------ THE RECORDS ------

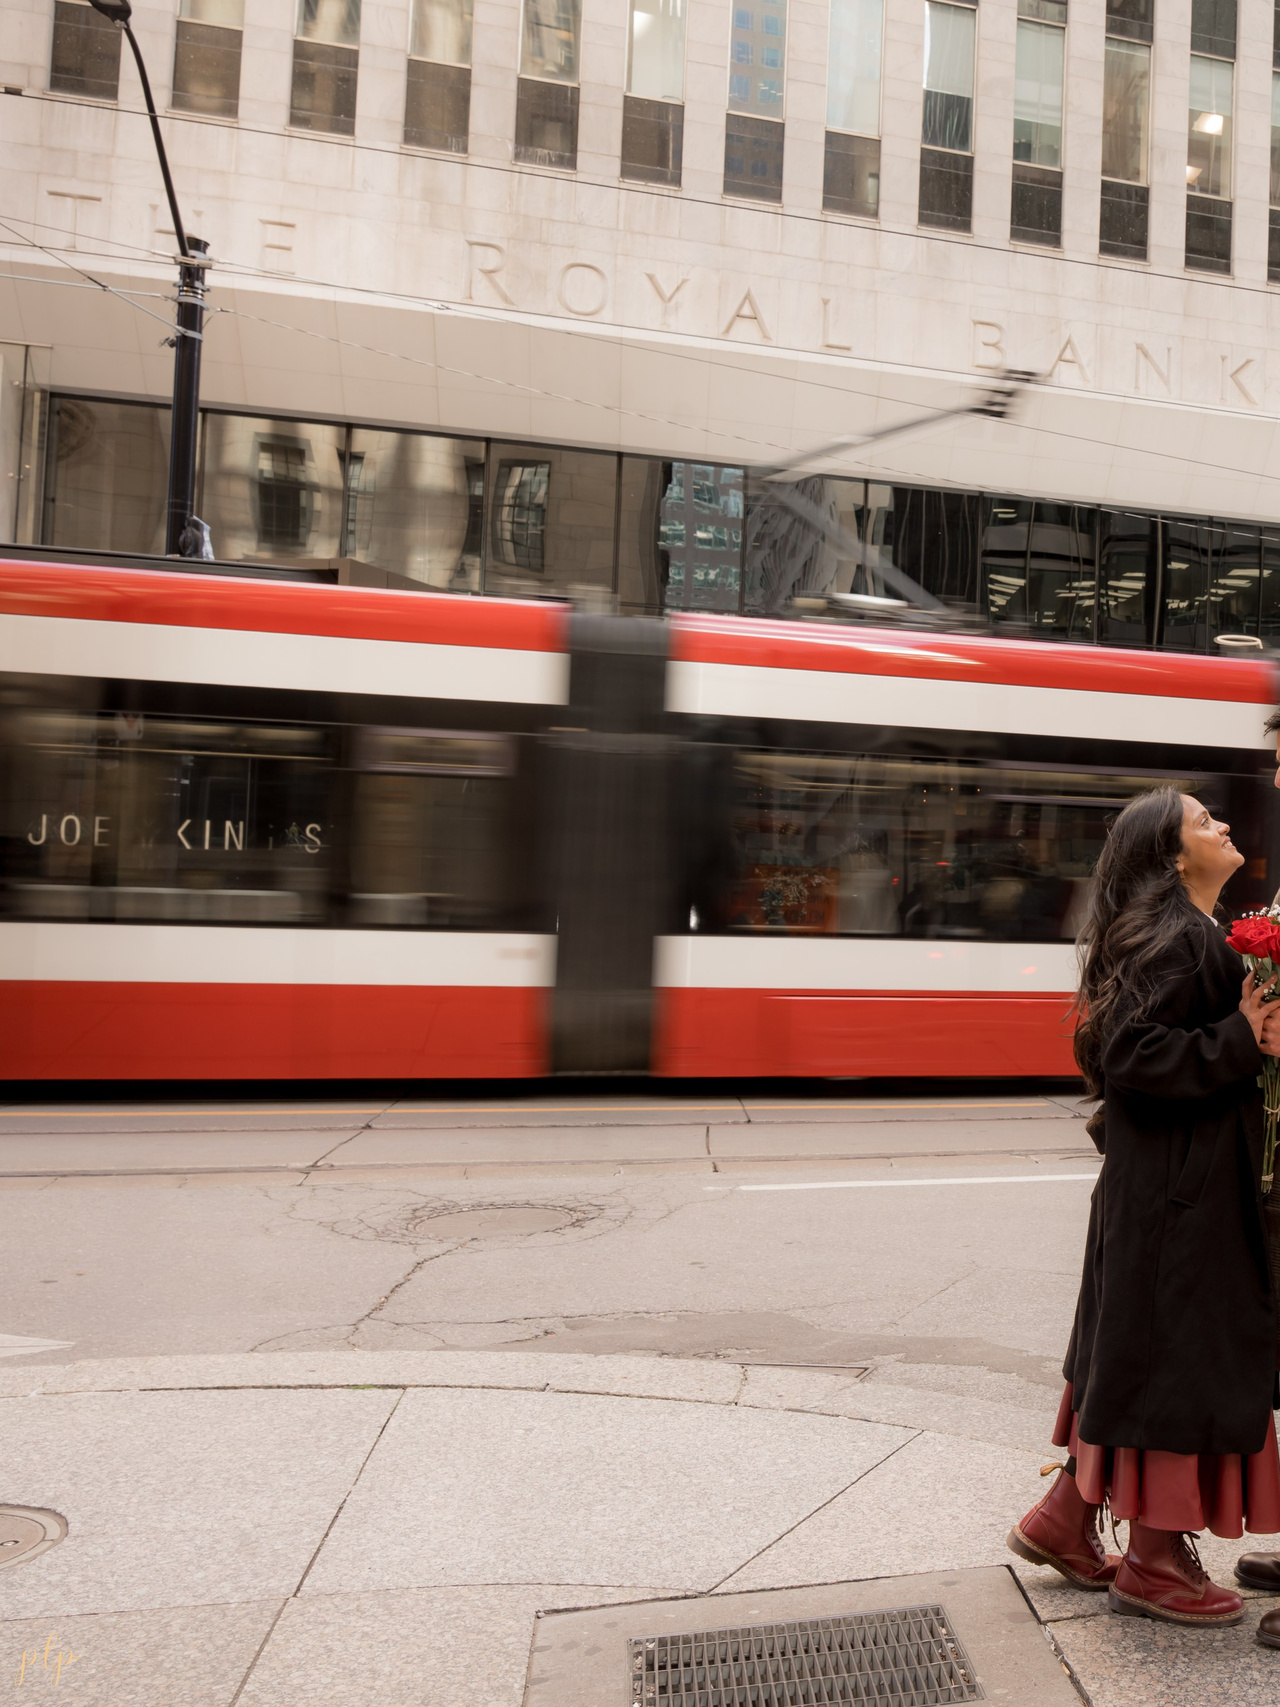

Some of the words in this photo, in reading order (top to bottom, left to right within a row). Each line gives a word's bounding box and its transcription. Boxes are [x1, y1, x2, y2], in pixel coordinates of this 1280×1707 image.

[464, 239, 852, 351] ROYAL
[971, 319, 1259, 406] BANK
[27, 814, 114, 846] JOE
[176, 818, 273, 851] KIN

------

[WHAT THE TASK ASKS]: Reproduce each line of the records exactly, omitting any picture.

[FINISHED TASK]:
Some of the words in this photo, in reading order (top to bottom, left to right within a row). Each line gives a word's bounding box and its transcription. Boxes are [x1, y1, x2, y2], in pixel coordinates of this 1280×1707 image.

[464, 239, 852, 351] ROYAL
[971, 319, 1259, 406] BANK
[27, 814, 114, 846] JOE
[176, 818, 273, 851] KIN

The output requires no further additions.